Twist Collective Blog
Design Process: Scribe
Today's post is brought to you by Andrea Rangel, and you can also find it here, on her blog. Scribe, these superwarm lined mittens, are her first contributions to the pages of Twist. If you or your loved ones live in cold climates, you're going to want to make some of these. In this post, Andrea tells is about how she found out that her project was a cover-girl, the finer points of liner-knitting, and what keeps her punk-rock heart warm. Enjoy!

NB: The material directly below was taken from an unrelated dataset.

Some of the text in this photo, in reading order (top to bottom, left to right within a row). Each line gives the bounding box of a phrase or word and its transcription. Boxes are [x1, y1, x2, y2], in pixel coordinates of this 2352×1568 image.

One night I was working hard to finalize the layout for a men's color work cardigan when I was surprised by the latest issue of Twist Collective going live. I found this out by seeing a photo of my mittens, Scribe, pop up on my Ravelry page. It's a funny feeling when you see something you spent so much time with appear fully formed before your eyes, especially when you finished that work months and months ago. It's a strange sort of deja vu in which the memory has been intensely enhanced by the skills of stylist, model, and photographer. Thank you Twist Collective Team for showing my mittens in such a lovely light.
These mittens started with the idea that I wanted really warm mittens for winter, especially if there's snowy weather. I love the concept of lined wool mittens because a liner adds an extra pocket of air between the hands and the outside where even more warm air can get trapped and keep you toasty. The double layer and dense gauge means that these are water and wind resistant too.

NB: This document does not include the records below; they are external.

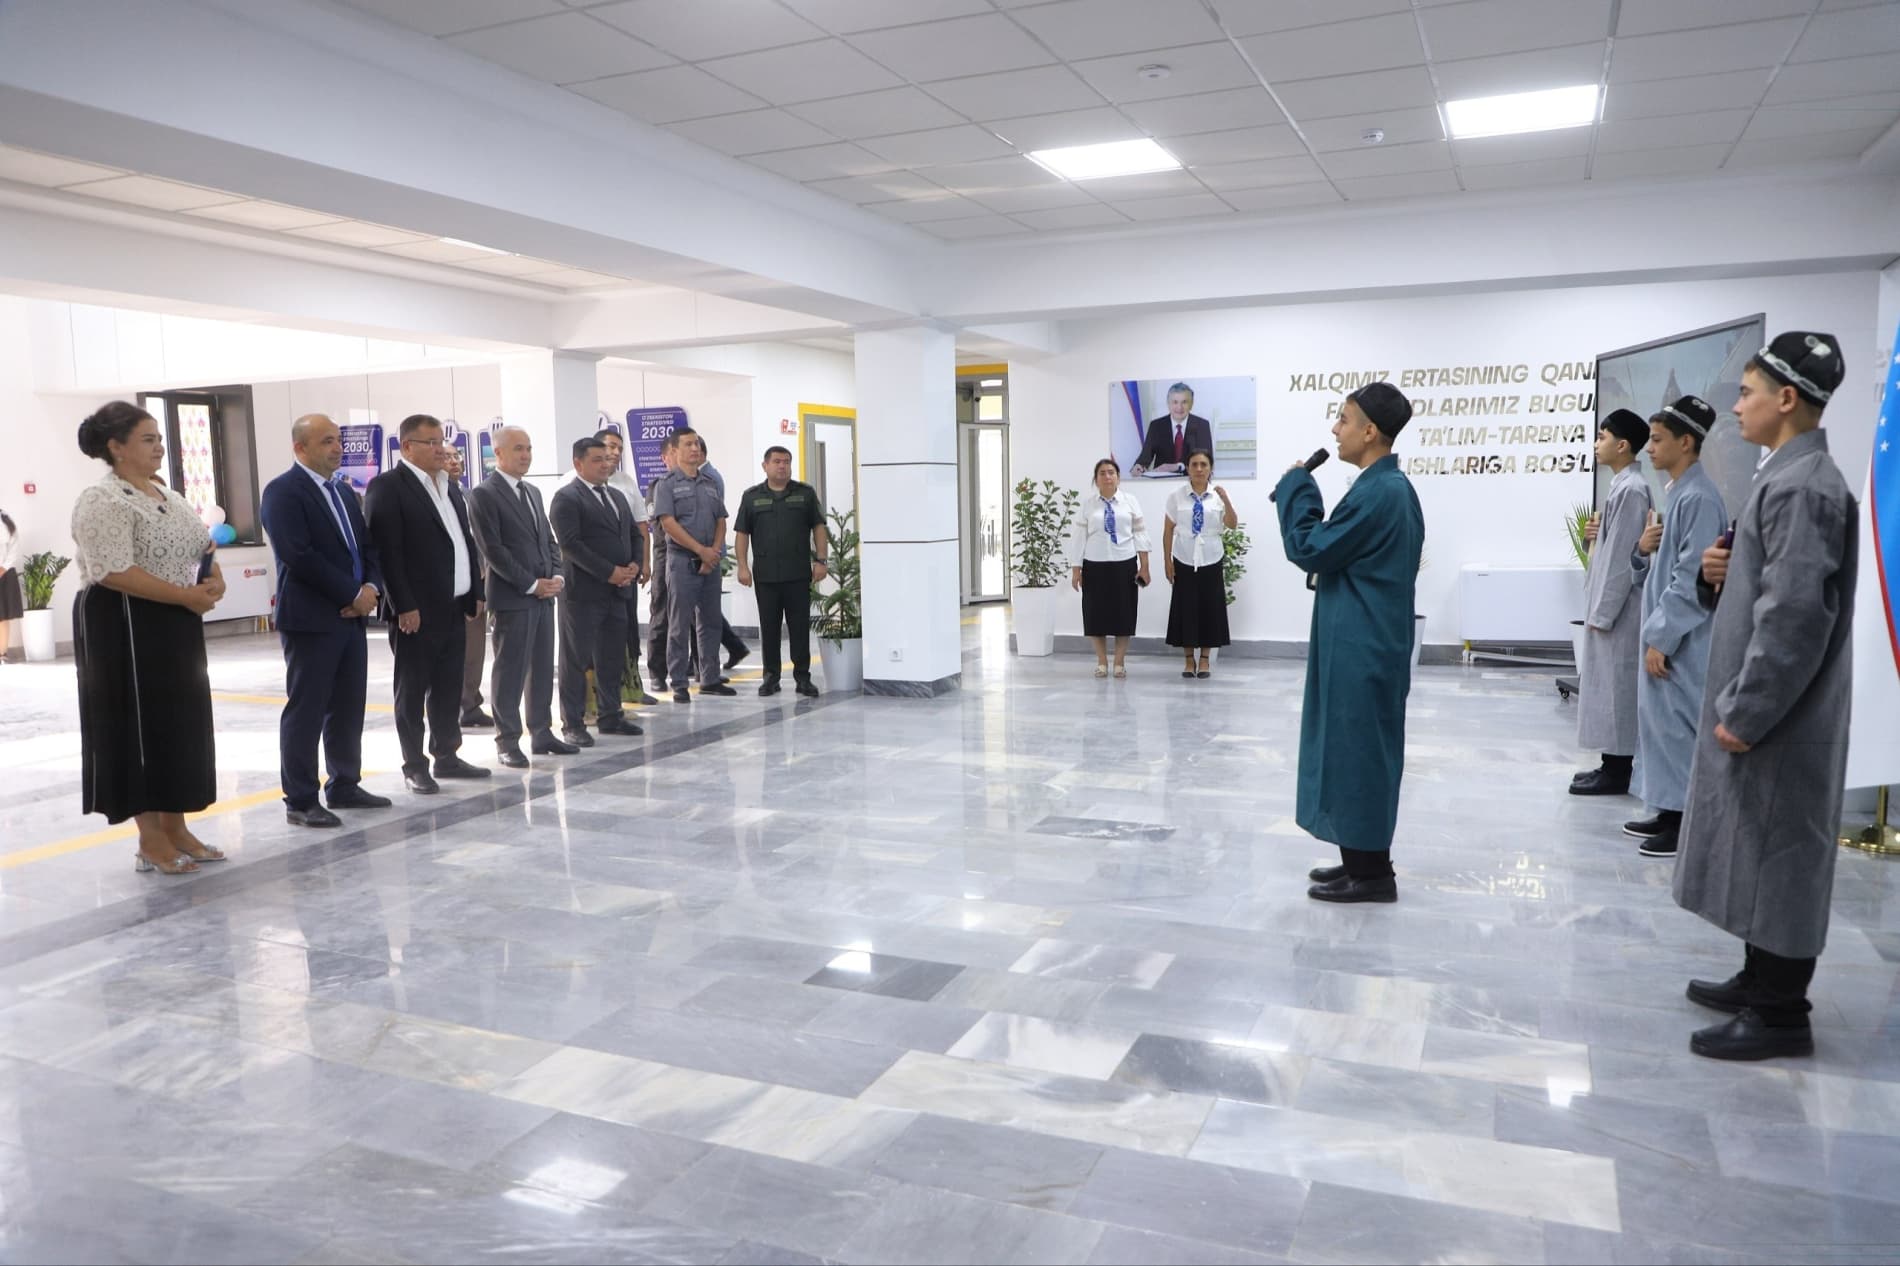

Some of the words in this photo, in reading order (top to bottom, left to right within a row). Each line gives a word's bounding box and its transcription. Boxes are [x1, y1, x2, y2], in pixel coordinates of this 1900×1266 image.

[1289, 370, 1389, 394] XALQIMIZ
[1400, 364, 1529, 388] ERTASINING
[1541, 362, 1596, 387] QAN
[1529, 393, 1595, 413] BUGU
[641, 425, 674, 439] 2030
[343, 439, 369, 453] 2030
[1398, 455, 1516, 475] ISHLARIGA
[1525, 452, 1594, 474] BOG'L

The mittens are constructed by using a provisional cast and working the liner mitt first. Before working the outer mitten from the provisional cast on stitches, the liner is turned inside out because, as I found out through trial and error, at this dense gauge it's a lot more comfortable to have the purl side next to the fingers. When I was trying on earlier versions, it seemed like I could feel the decreases at the top of the hand with the knit side in, which bugged me. This way, it's all smooth.
It's not super obvious in the photos, but these mittens also include a cord to hang them around your neck when they're not being worn. I'm terrible about losing just one mitten and this was my solution. It also allows me to take them off to do a task without having to figure out where to put them down.

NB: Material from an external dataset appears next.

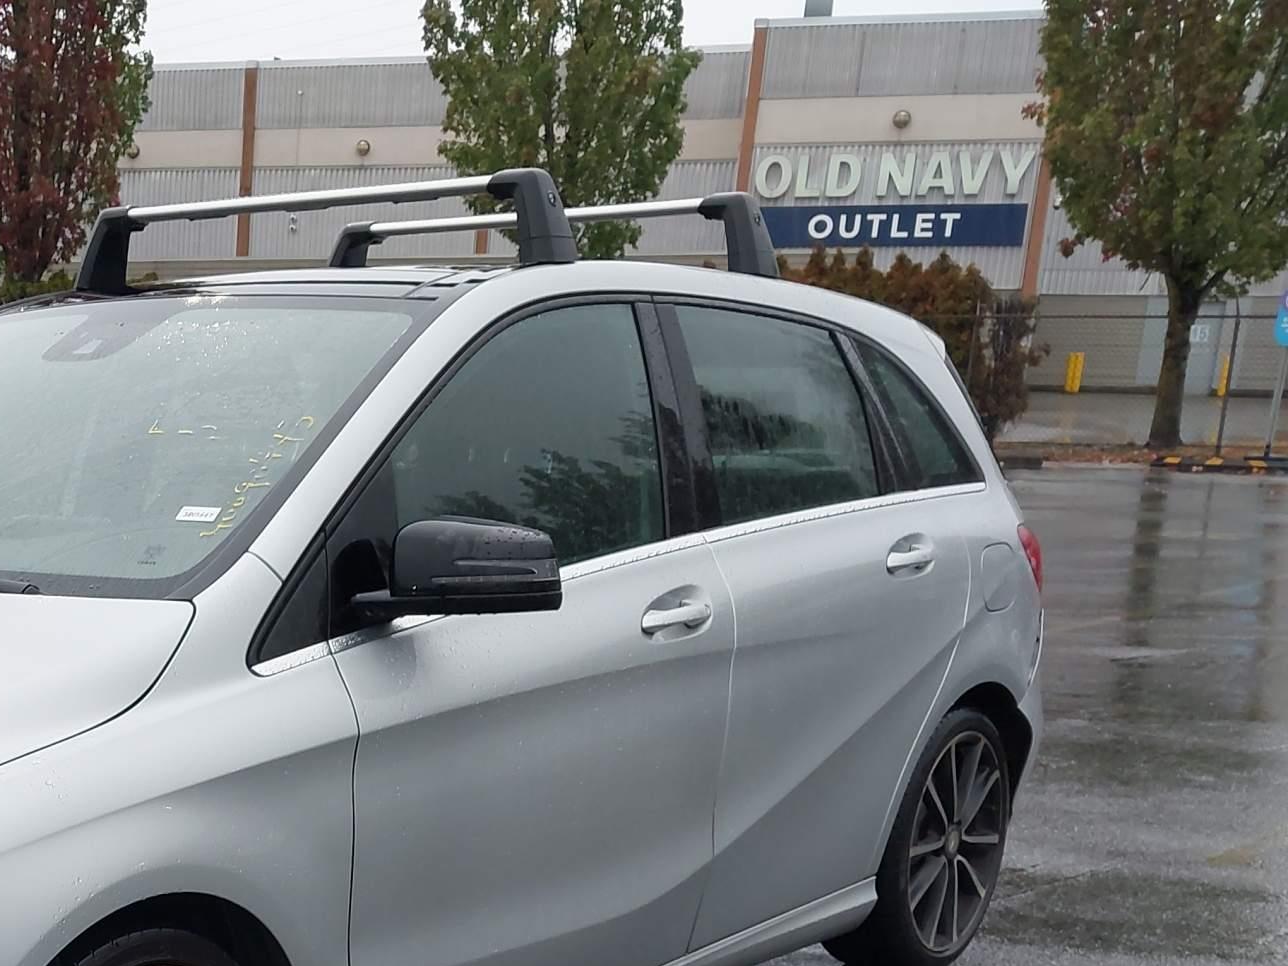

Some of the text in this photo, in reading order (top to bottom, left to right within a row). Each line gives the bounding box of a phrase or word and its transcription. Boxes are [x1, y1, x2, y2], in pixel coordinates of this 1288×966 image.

[755, 150, 1036, 199] OLD NAVY
[807, 212, 962, 239] OUTLET

As a teenager I owned those very boots: 10-eye oxblood Docs. Sometimes I still think about them and miss them, so to see them so perfectly styled with my mittens warms the punk rock part of my heart.
Both mittens are worked the same in worsted weight wool so you don't have to worry about which is which, and the knitting goes quickly even with the lovely color work.
I encourage you to check out the rest of this issue of Twist Collective - it really is a stunner.
I can't wait to see the color combinations knitters come up with.